The morning of this particular day of off-road riding started out at 2000m altitude, 8 degrees and raining. Not horrible stormy rain, but on the back of the last few days it wasn’t really what we wanted.

At breakfast we talked about my planned route through the mountains…

“We’re taking the highway today aren’t we Dean” it wasn’t a question.
“Um… Yeah I guess so.”

After an hour in the rain, the storm broke and we stopped for a cup of tea and to take some layers off.  Two other guys on bikes who were in the same small town stopped too, and we sat and chatted over the worst cup of tea that’s ever been made.

They were headed towards the bit of piste (french for dirt road) that I had pencilled in before the rain started (and before our earlier agreement to take the highway), which just happened to start about 800m from where we were sitting, and end at the town we were headed towards.

It was just a bit too tempting.

Before we headed off Sal put her wet weather gear back on muttering something about the storm on the horizon, while I expressed positive thoughts about our chances of staying dry.

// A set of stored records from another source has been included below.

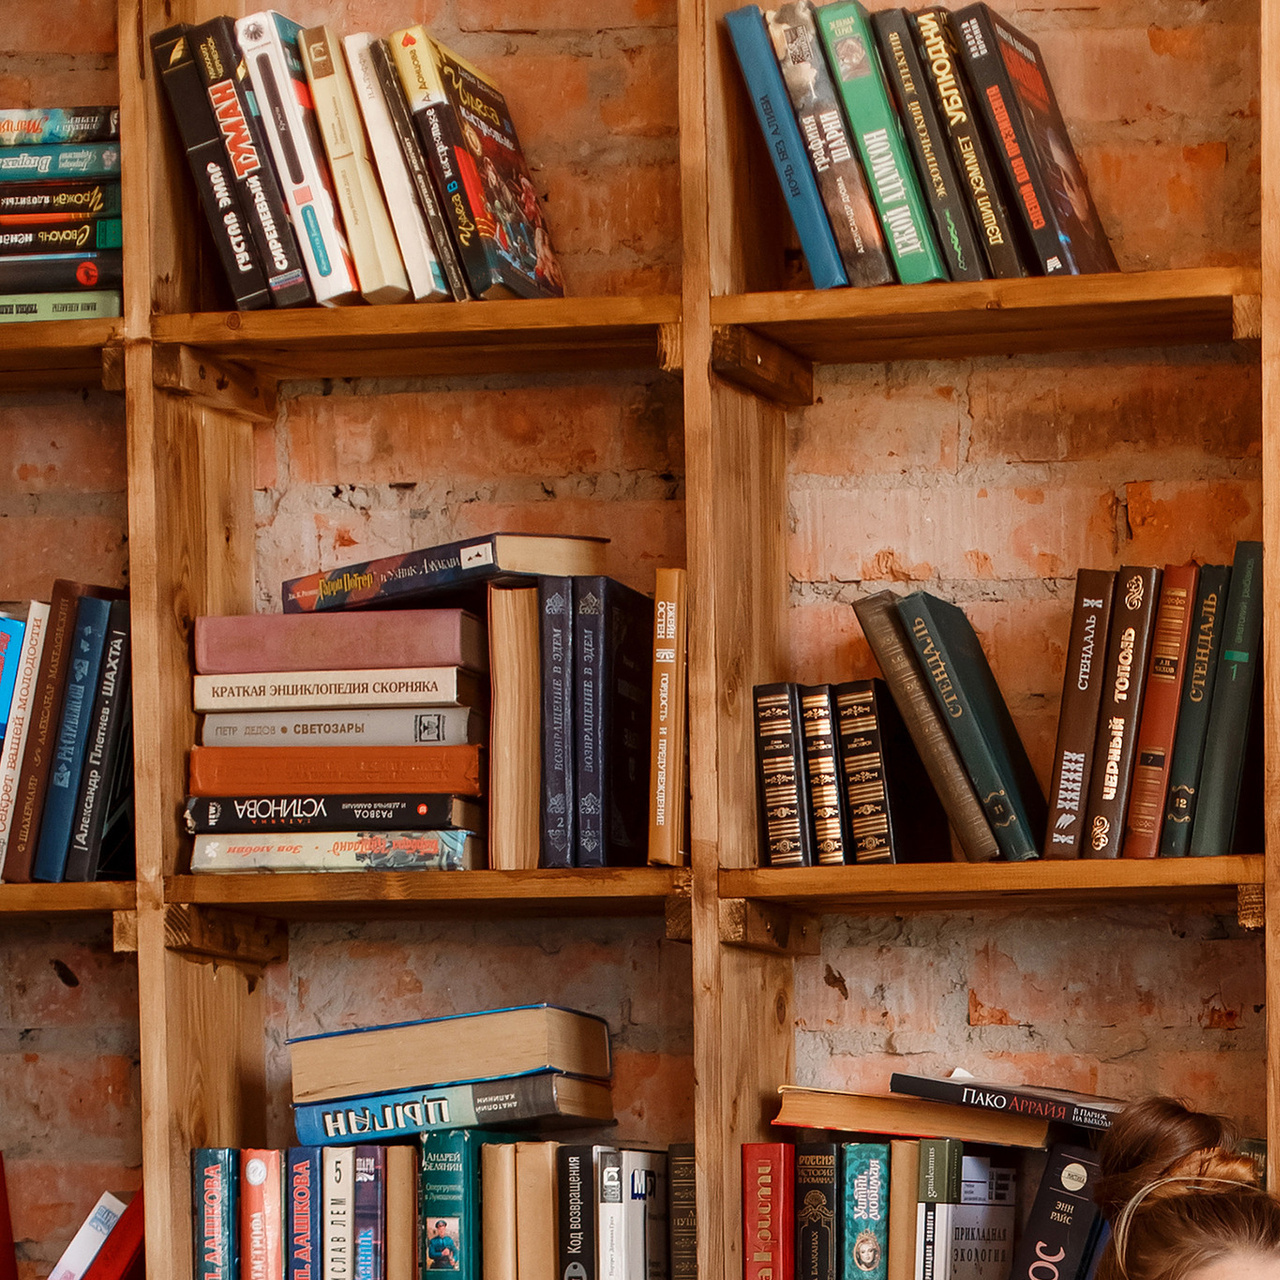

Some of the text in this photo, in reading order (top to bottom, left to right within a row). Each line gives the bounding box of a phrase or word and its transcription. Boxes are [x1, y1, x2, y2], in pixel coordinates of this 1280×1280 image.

[409, 49, 429, 90] Донцова
[802, 115, 830, 171] графиня
[820, 110, 851, 163] ШАРНИ
[889, 32, 948, 199] ЭКЗОТИЧЕСКИЙ ДЕТЕКТИВ
[759, 94, 801, 197] НОЧЬ БЕЗ АЛИБИ
[53, 186, 103, 211] Урожай
[208, 79, 288, 271] СИРЕНЕВЫЙ ТУМАН
[863, 129, 924, 257] ДЖОЙ АДАМСОН
[958, 135, 1003, 245] ДЭШИЛ ХЭММЕТ
[38, 225, 90, 246] Сволочь
[206, 162, 253, 272] ГУСТАВ ЭМАР
[836, 176, 865, 253] АЛЕКСАНДР ДЮМА
[584, 629, 594, 663] ЭДЕМ
[911, 617, 963, 718] СТЕНДАЛЬ
[1078, 615, 1097, 690] СТЕНДАЛЬ
[1189, 593, 1218, 702] СТЕНДАЛЬ
[212, 681, 438, 698] КРАТКАЯ ЭНЦИКЛОПЕДИЯ СКОРНЯКА
[553, 628, 564, 771] ВОЗВРАЩЕНИЕ В ЭДЕМ
[1102, 627, 1135, 800] ЧЕРНЫЙ ТОПОЛЬ
[76, 638, 123, 844] Александр Плетнев ШАХТА
[215, 723, 365, 736] ПЕТР ДЕДОВ СВЕТОЗАРЫ
[584, 680, 594, 773] ВОЗВРАЩЕНИЕ
[234, 799, 327, 819] УСТИНОВА
[354, 810, 393, 819] РАЗВОД
[322, 1095, 450, 1138] ЦЫГАН
[475, 1101, 518, 1112] АНАТОЛИЙ
[477, 1093, 516, 1103] КАЛИНИН
[962, 1088, 1066, 1120] ПАКО АРРАЙЯ
[923, 1147, 937, 1198] gaudeamus
[293, 1160, 312, 1262] ДАШКОВА
[330, 1197, 346, 1227] ЛЕМ
[567, 1156, 583, 1254] Код возвращения
[753, 1160, 776, 1262] Кристи
[925, 1211, 934, 1243] ЭКОЛОГИЯ
[810, 1231, 819, 1275] БАЛКАНАХ

It’s very rare that we set off in some direction that Sal doesn’t want to go in. I’m not usually brave enough, but it wasn’t actually raining – and we’re in Morocco!!

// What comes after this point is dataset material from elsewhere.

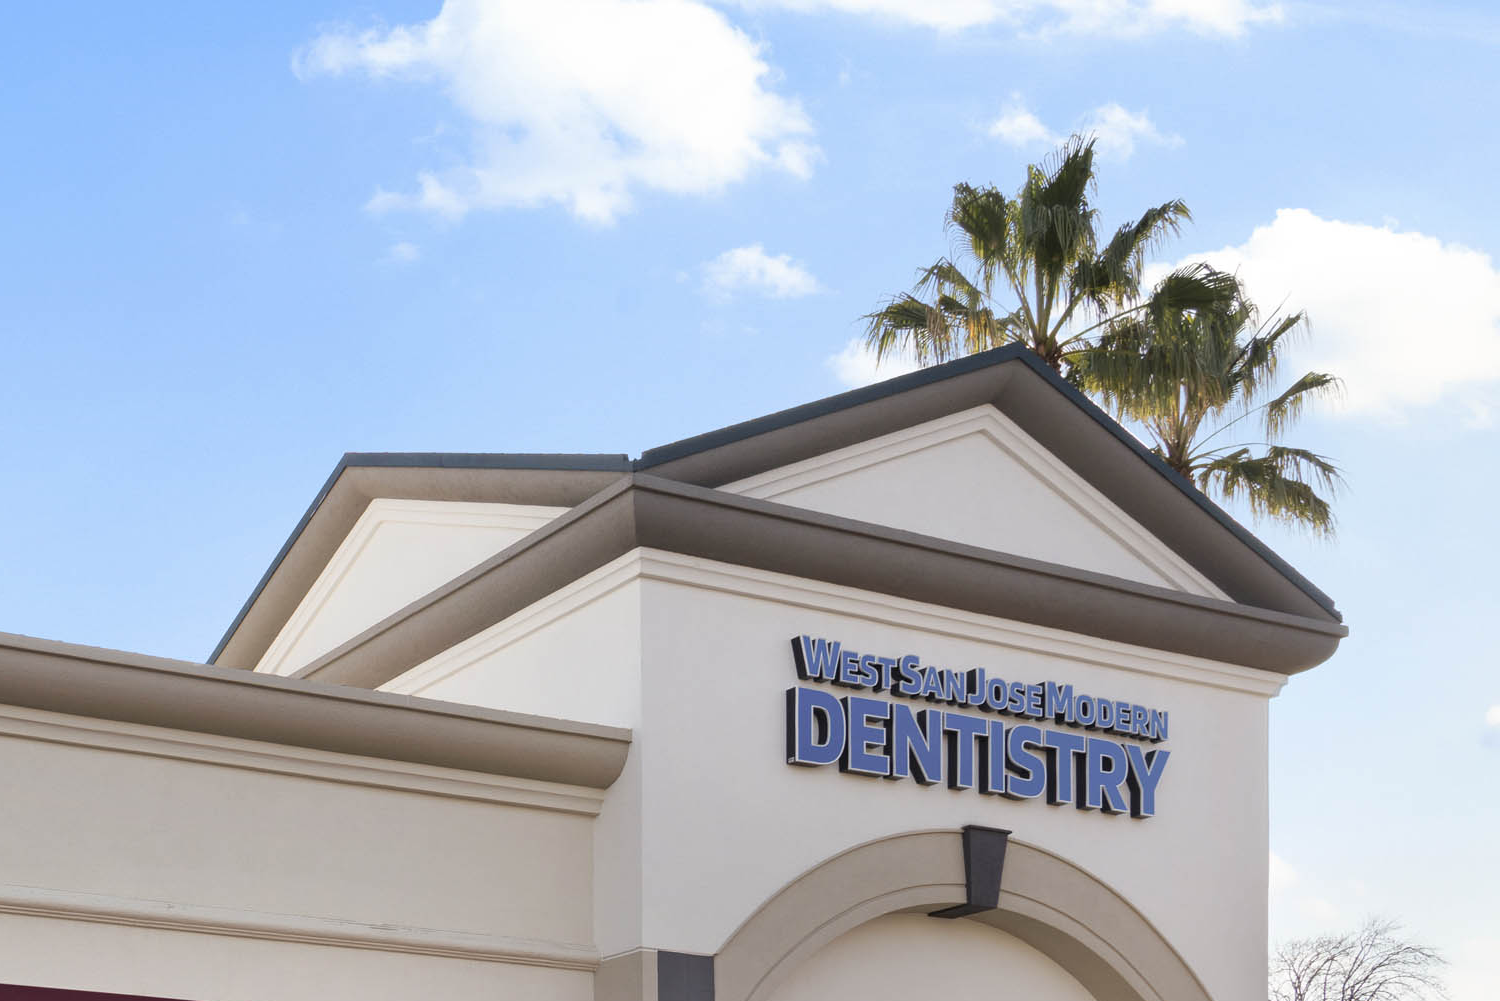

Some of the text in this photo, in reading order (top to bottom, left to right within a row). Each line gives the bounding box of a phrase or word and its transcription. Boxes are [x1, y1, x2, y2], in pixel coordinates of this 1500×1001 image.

[796, 634, 1170, 740] WEST SAN JOSE MODERN
[791, 686, 1171, 818] DENTISTRY

I’m not religious, but on these rare moments I find myself fervently praying for a good outcome.

No rain and a nice track = happy Sally.
Rain and sandy track = Fury Road.

In the end it was somewhere in between, a bit of rain, but mostly beautiful piste that criss crossed a wide dried up river for the afternoon.  There was also a point where we literally rode into a large open cut mine (Erzberg rodeo style!), complete with enormous trucks and yellow bunting, at the same time as it was raining, that bit wasn’t so great, but it wasn’t Fury Road either 😉  We spent that night in a cheap hotel (surprise surprise!) and the 2 Czech guys decided to join us for today’s ride too.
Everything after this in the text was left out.